» ABOUT THIS EXERCISE
Type out each entry exactly.

» TASK DATA
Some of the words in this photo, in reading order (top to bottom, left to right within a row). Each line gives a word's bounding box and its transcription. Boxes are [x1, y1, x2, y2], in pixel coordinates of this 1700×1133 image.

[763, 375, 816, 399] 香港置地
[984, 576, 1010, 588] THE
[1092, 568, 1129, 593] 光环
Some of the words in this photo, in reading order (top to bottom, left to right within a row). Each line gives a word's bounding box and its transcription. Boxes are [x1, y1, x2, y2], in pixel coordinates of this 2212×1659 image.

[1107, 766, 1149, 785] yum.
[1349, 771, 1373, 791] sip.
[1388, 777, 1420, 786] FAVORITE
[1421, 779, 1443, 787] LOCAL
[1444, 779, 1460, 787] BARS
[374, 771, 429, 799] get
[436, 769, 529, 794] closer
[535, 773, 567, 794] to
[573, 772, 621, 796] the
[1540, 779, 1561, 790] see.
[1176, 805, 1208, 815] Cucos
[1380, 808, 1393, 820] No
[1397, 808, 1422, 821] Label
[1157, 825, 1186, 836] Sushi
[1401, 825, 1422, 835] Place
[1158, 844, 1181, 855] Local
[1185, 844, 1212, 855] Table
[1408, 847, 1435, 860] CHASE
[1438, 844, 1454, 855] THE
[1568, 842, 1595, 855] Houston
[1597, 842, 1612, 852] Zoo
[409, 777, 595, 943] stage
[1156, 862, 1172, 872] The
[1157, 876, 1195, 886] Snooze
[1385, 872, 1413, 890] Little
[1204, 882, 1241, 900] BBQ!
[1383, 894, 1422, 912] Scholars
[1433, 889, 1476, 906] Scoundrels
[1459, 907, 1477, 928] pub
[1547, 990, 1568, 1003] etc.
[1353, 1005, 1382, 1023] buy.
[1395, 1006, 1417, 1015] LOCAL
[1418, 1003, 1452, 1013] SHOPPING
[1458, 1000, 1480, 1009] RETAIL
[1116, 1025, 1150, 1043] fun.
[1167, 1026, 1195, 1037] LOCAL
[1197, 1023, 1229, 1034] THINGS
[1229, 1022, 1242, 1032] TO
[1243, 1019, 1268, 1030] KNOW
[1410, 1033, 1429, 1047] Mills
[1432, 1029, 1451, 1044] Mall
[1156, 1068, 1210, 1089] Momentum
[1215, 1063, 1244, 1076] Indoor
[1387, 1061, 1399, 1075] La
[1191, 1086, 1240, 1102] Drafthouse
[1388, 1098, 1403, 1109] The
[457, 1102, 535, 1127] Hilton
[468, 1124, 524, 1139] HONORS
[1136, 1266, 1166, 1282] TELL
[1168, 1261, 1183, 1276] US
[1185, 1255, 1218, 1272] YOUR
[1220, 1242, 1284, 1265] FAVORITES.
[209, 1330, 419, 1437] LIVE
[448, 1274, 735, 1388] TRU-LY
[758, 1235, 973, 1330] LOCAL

» RESPONSE TO THIS EXERCISE
Some of the words in this photo, in reading order (top to bottom, left to right within a row). Each line gives a word's bounding box and its transcription. Boxes are [x1, y1, x2, y2], in pixel coordinates of this 1700×1133 image.

[763, 375, 816, 399] 香港置地
[984, 576, 1010, 588] THE
[1092, 568, 1129, 593] 光环
Some of the words in this photo, in reading order (top to bottom, left to right within a row). Each line gives a word's bounding box and its transcription. Boxes are [x1, y1, x2, y2], in pixel coordinates of this 2212×1659 image.

[1107, 766, 1149, 785] yum.
[1349, 771, 1373, 791] sip.
[1388, 777, 1420, 786] FAVORITE
[1421, 779, 1443, 787] LOCAL
[1444, 779, 1460, 787] BARS
[374, 771, 429, 799] get
[436, 769, 529, 794] closer
[535, 773, 567, 794] to
[573, 772, 621, 796] the
[1540, 779, 1561, 790] see.
[1176, 805, 1208, 815] Cucos
[1380, 808, 1393, 820] No
[1397, 808, 1422, 821] Label
[1157, 825, 1186, 836] Sushi
[1401, 825, 1422, 835] Place
[1158, 844, 1181, 855] Local
[1185, 844, 1212, 855] Table
[1408, 847, 1435, 860] CHASE
[1438, 844, 1454, 855] THE
[1568, 842, 1595, 855] Houston
[1597, 842, 1612, 852] Zoo
[409, 777, 595, 943] stage
[1156, 862, 1172, 872] The
[1157, 876, 1195, 886] Snooze
[1385, 872, 1413, 890] Little
[1204, 882, 1241, 900] BBQ!
[1383, 894, 1422, 912] Scholars
[1433, 889, 1476, 906] Scoundrels
[1459, 907, 1477, 928] pub
[1547, 990, 1568, 1003] etc.
[1353, 1005, 1382, 1023] buy.
[1395, 1006, 1417, 1015] LOCAL
[1418, 1003, 1452, 1013] SHOPPING
[1458, 1000, 1480, 1009] RETAIL
[1116, 1025, 1150, 1043] fun.
[1167, 1026, 1195, 1037] LOCAL
[1197, 1023, 1229, 1034] THINGS
[1229, 1022, 1242, 1032] TO
[1243, 1019, 1268, 1030] KNOW
[1410, 1033, 1429, 1047] Mills
[1432, 1029, 1451, 1044] Mall
[1156, 1068, 1210, 1089] Momentum
[1215, 1063, 1244, 1076] Indoor
[1387, 1061, 1399, 1075] La
[1191, 1086, 1240, 1102] Drafthouse
[1388, 1098, 1403, 1109] The
[457, 1102, 535, 1127] Hilton
[468, 1124, 524, 1139] HONORS
[1136, 1266, 1166, 1282] TELL
[1168, 1261, 1183, 1276] US
[1185, 1255, 1218, 1272] YOUR
[1220, 1242, 1284, 1265] FAVORITES.
[209, 1330, 419, 1437] LIVE
[448, 1274, 735, 1388] TRU-LY
[758, 1235, 973, 1330] LOCAL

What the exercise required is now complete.